All American citizens, including those living abroad, are required to file a US federal tax return every year reporting their worldwide income.
Neither international tax treaties, nor any foreign tax filing requirement, mitigate the requirement for American expats to file a US federal tax return. To avoid double taxation, expats can claim provisions such as the Foreign Tax Credit and the Foreign Earned Income Exclusion when they file.
In the age of global digital banking, the IRS has global reach, with almost all foreign banks and governments sending US expats’ financial information back to the US.
Americans with foreign companies have to report them every year as part of their federal filing, and the rules for reporting foreign companies differ from those for filing US-registered companies.
Expats with foreign partnerships and self-employed expats also have additional filing requirements. In this article, however, we’ll be focusing on foreign companies.
As far as the IRS is concerned, there are two types of foreign companies: Controlled Foreign Corporations (CFCs), and Passive Foreign Investment Companies (PFICs).
A Controlled Foreign Corporation is a company that operates overseas and has at least 50% American shareholders (or is at least 50% American controlled).
Americans who own (or control), directly or indirectly, a CFC have to report the foreign company every year on Form 5471. Form 5471 is a complicated form, and Americans who own small, foreign registered LLCs often choose instead to file Form 8832 (and subsequently Form 8858 each year) which allows them to treat the company’s income as ‘disregarded’ and so report it on their personal tax return, as they would a US-registered, single-owner LLC.
“A controlled foreign corporation (CFC) is a foreign corporation in which more than 50% of the stock is owned by U.S. shareholders.” – the Balance
Any American who owns at least 10% of a CFC also has to treat a proportion of the company’s profits relative to their ownership proportion as if it were their personal income for tax purposes. This income is known as GILTI (Global Intangible Low Tax Income), and it is taxed at 10.5% currently (although if foreign taxes are paid on the income at a rate of at least 80% of the US corporation tax rate, then tax credits can be claimed). President Biden however plans to both double the effective GILTI rate to 21%, and raise the US corporation tax rate, which will increase the US tax payable by expat owners of many foreign companies.
PFIC is an IRS acronym for a Passive Foreign Investment Company. A PFIC is a foreign registered corporation with at least 75% passive income (e.g. from dividends and interest), or if 50% of its assets are passive-income producing.
Distributions from PFICs can be taxed at higher rates than normal income, and PFIC reporting (on Form 8621) is onerous, so PFICs are best avoided if possible.

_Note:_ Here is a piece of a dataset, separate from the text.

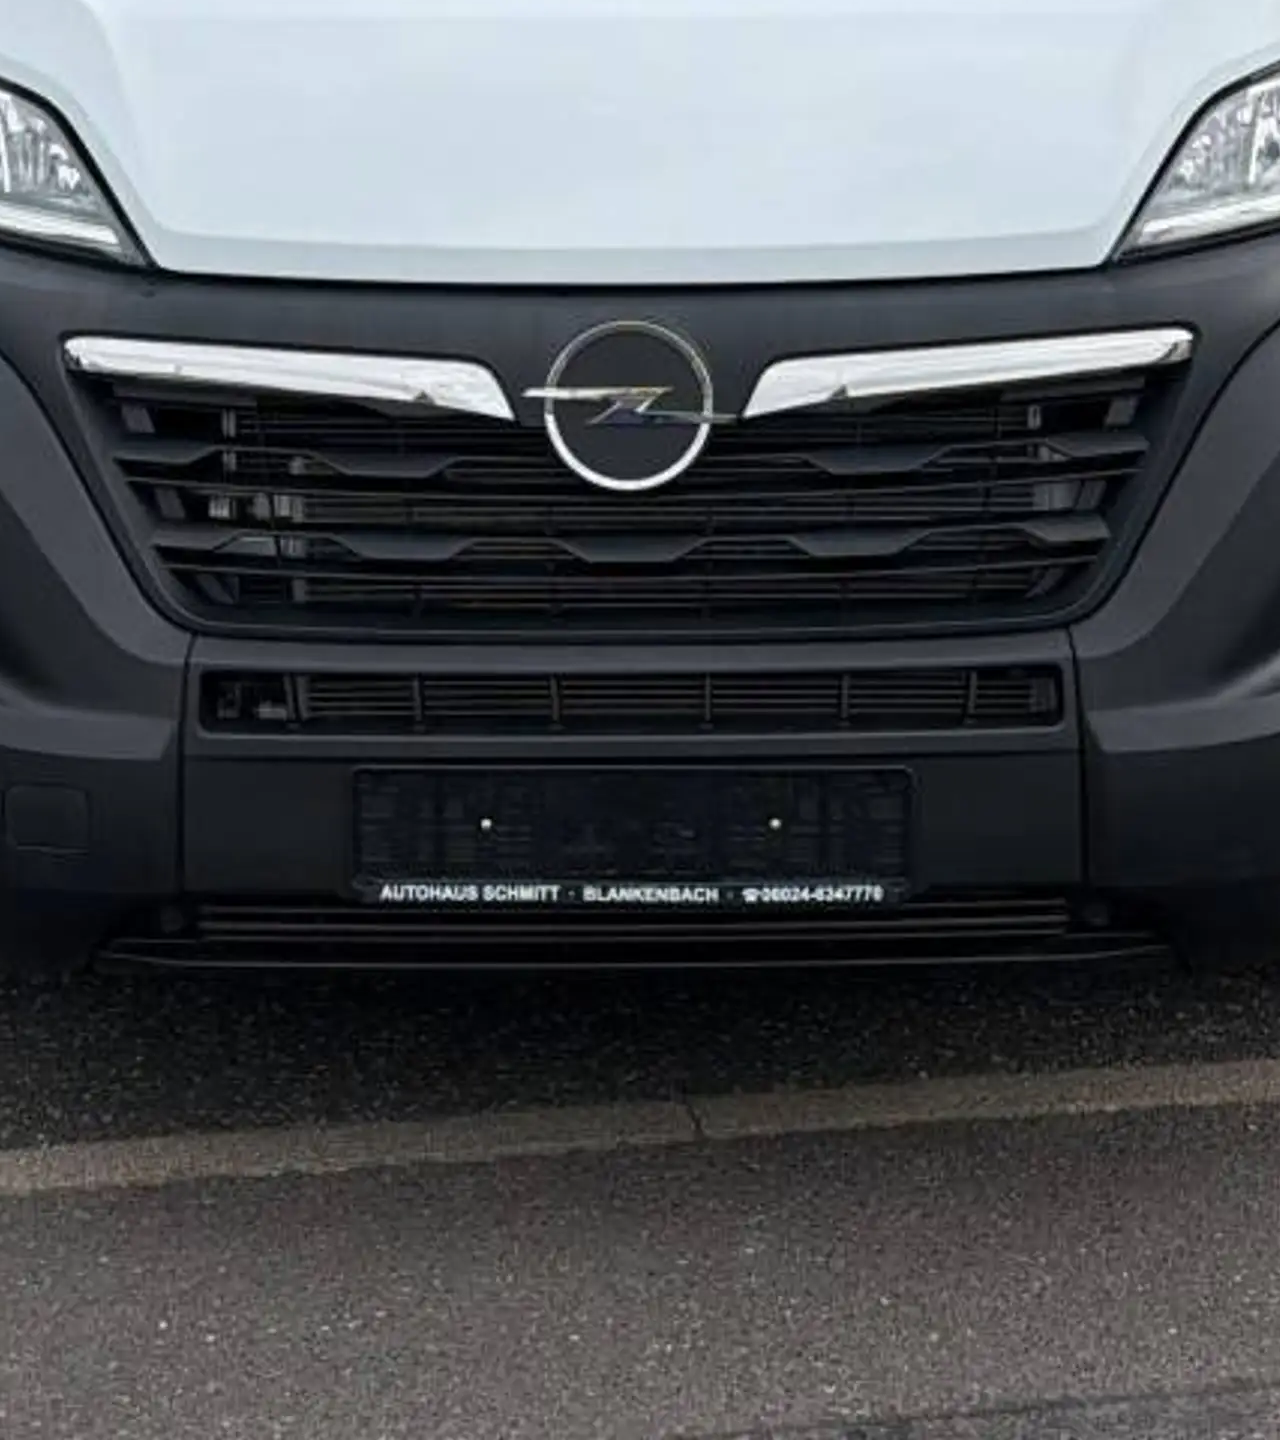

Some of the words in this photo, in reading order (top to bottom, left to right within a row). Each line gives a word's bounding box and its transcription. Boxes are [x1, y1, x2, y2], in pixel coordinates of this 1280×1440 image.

[380, 884, 478, 902] AUTOHAUS
[483, 884, 561, 902] SCHMITT
[583, 885, 720, 903] BLANKENBACH

Most foreign mutual funds and many foreign pension accounts are considered PFICs, along with companies set up to own rental properties so it’s always best to understand the US tax implications of foreign investments and seek US tax advice from an expat tax specialist in advance of investing and retirement planning abroad.
FBAR and Form 8938 reporting
Expats with a foreign company that has a foreign registered bank account often need to report it on an FBAR (Foreign Bank Account Report).
The rule is that any American who has signature authority over foreign-registered financial accounts (including bank, pension and investment accounts) that have a total, combined value of over $10,000 at any time during the year has to file an FBAR. There is no additional tax liability resulting from FBAR filing (it’s just a reporting exercise), however penalties for not filing (even unintentionally) are steep, and foreign banks are reporting the same information, too.
Furthermore, any American with foreign financial assets, including shares, with a value of over $200,000 at the end of the year or $300,000 at any time have to report them on Form 8938.
In summary, expats with foreign companies must determine whether each company is a CFC or a PFIC, and, if so, seek advice regarding how best to report it, normally on Form 5471, Form 8858, or Form 8621. Furthermore, expats with foreign companies may also have to file an FBAR and Form 8938.
Expats who have been living abroad for a while but not filing US taxes may be able to catch up without facing penalties under an IRS amnesty program called the Streamlined Procedure, so long as they do so voluntarily, meaning before the IRS contacts them.